[Dataset records — start]
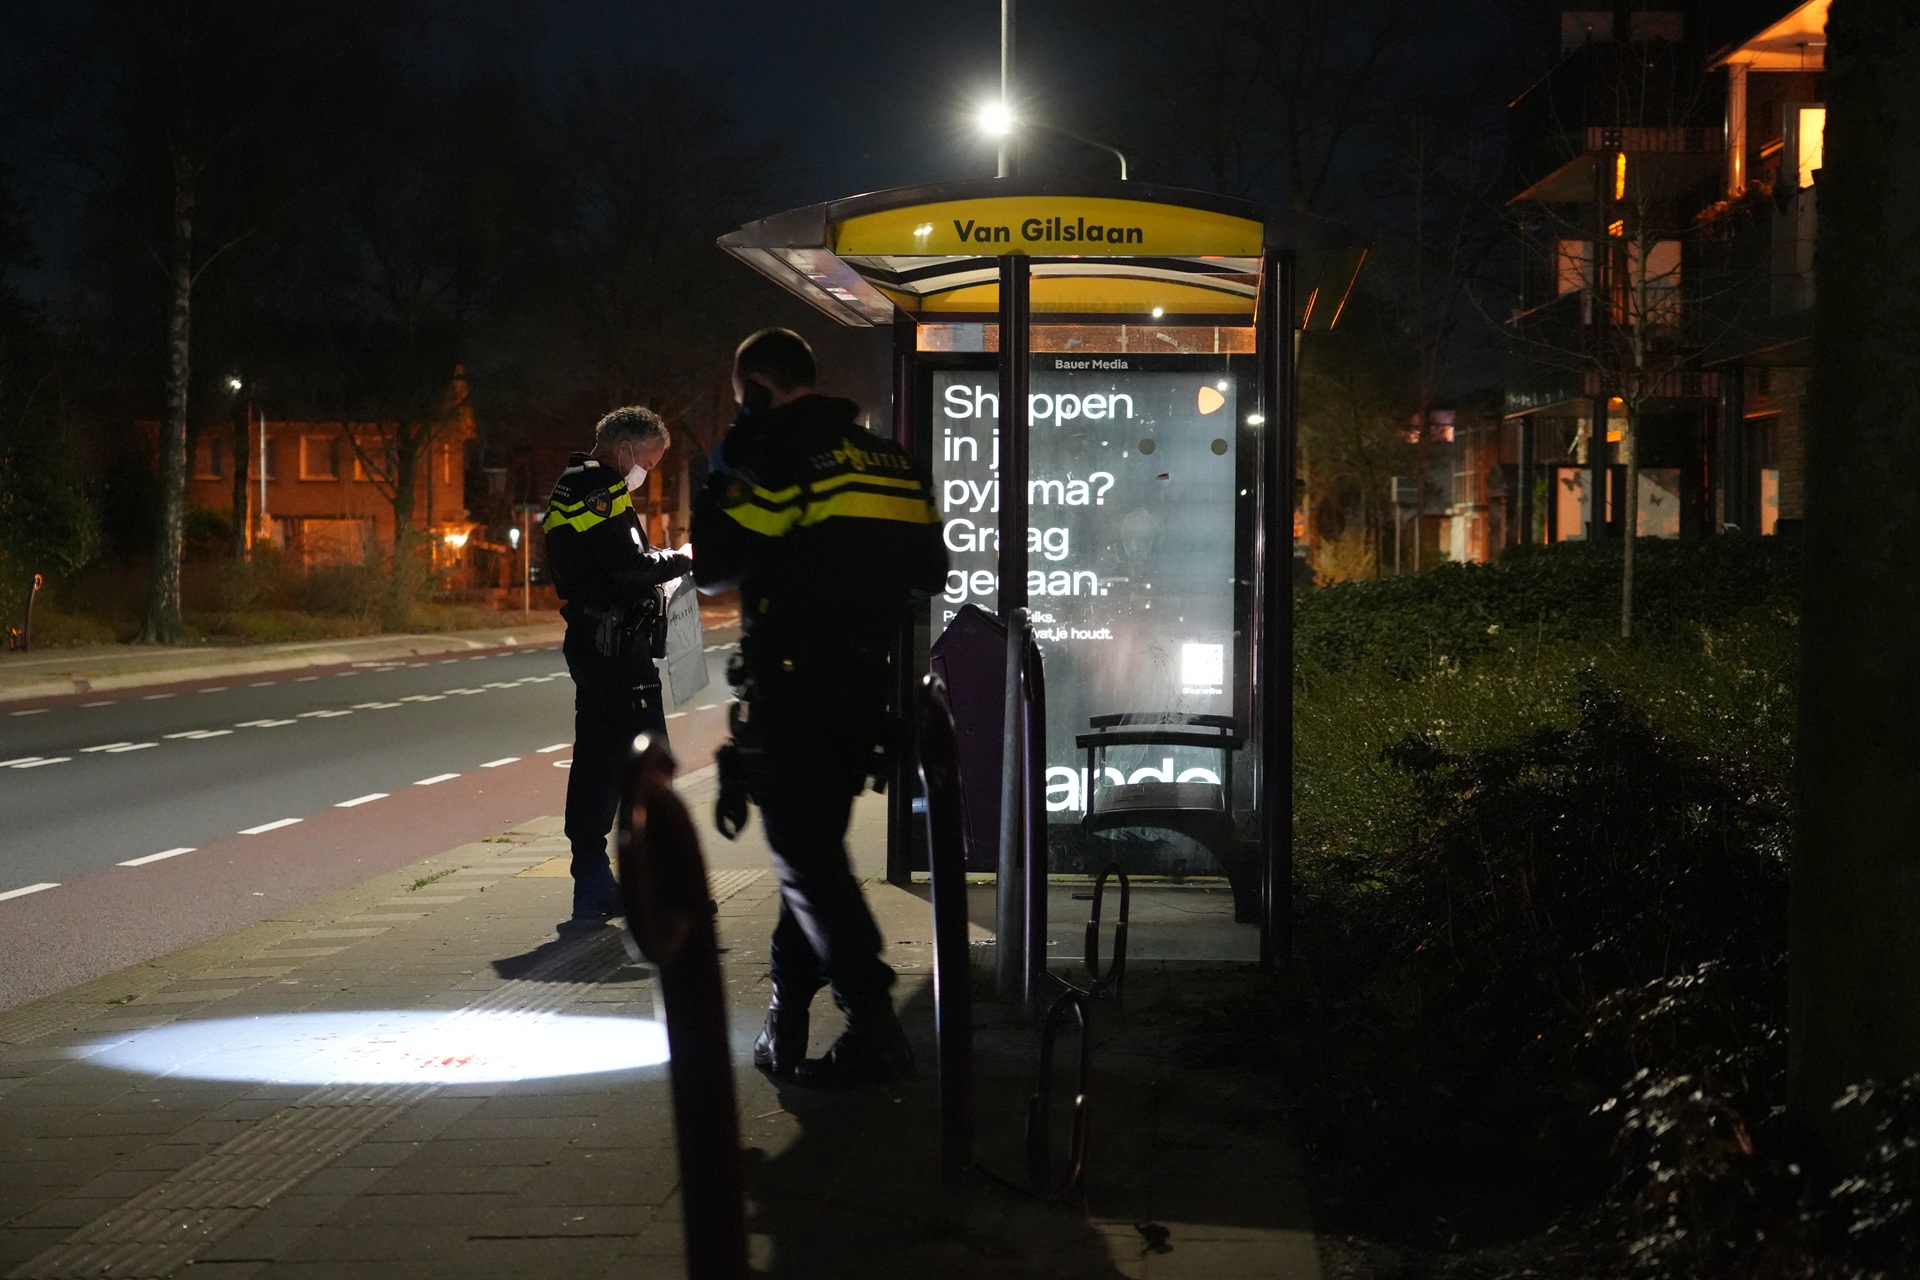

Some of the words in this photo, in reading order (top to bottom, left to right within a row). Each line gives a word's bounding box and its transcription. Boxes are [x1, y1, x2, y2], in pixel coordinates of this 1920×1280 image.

[954, 220, 1010, 243] Van
[1021, 217, 1144, 244] Gilslaan
[1055, 359, 1090, 370] Bauer
[1092, 359, 1128, 370] Media
[943, 384, 1134, 427] Shppen
[944, 429, 978, 462] in
[943, 472, 1114, 512] pyjma?
[943, 518, 1069, 562] Grag
[942, 569, 1109, 604] geaan.
[1071, 627, 1113, 639] houdt.
[Dataset records — finish]
● Exercise directions:
Transcribe all the lines above exactly, apart from the pictures.

● Response for this exercise:
Some of the words in this photo, in reading order (top to bottom, left to right within a row). Each line gives a word's bounding box and its transcription. Boxes are [x1, y1, x2, y2], in pixel coordinates of this 1920×1280 image.

[954, 220, 1010, 243] Van
[1021, 217, 1144, 244] Gilslaan
[1055, 359, 1090, 370] Bauer
[1092, 359, 1128, 370] Media
[943, 384, 1134, 427] Shppen
[944, 429, 978, 462] in
[943, 472, 1114, 512] pyjma?
[943, 518, 1069, 562] Grag
[942, 569, 1109, 604] geaan.
[1071, 627, 1113, 639] houdt.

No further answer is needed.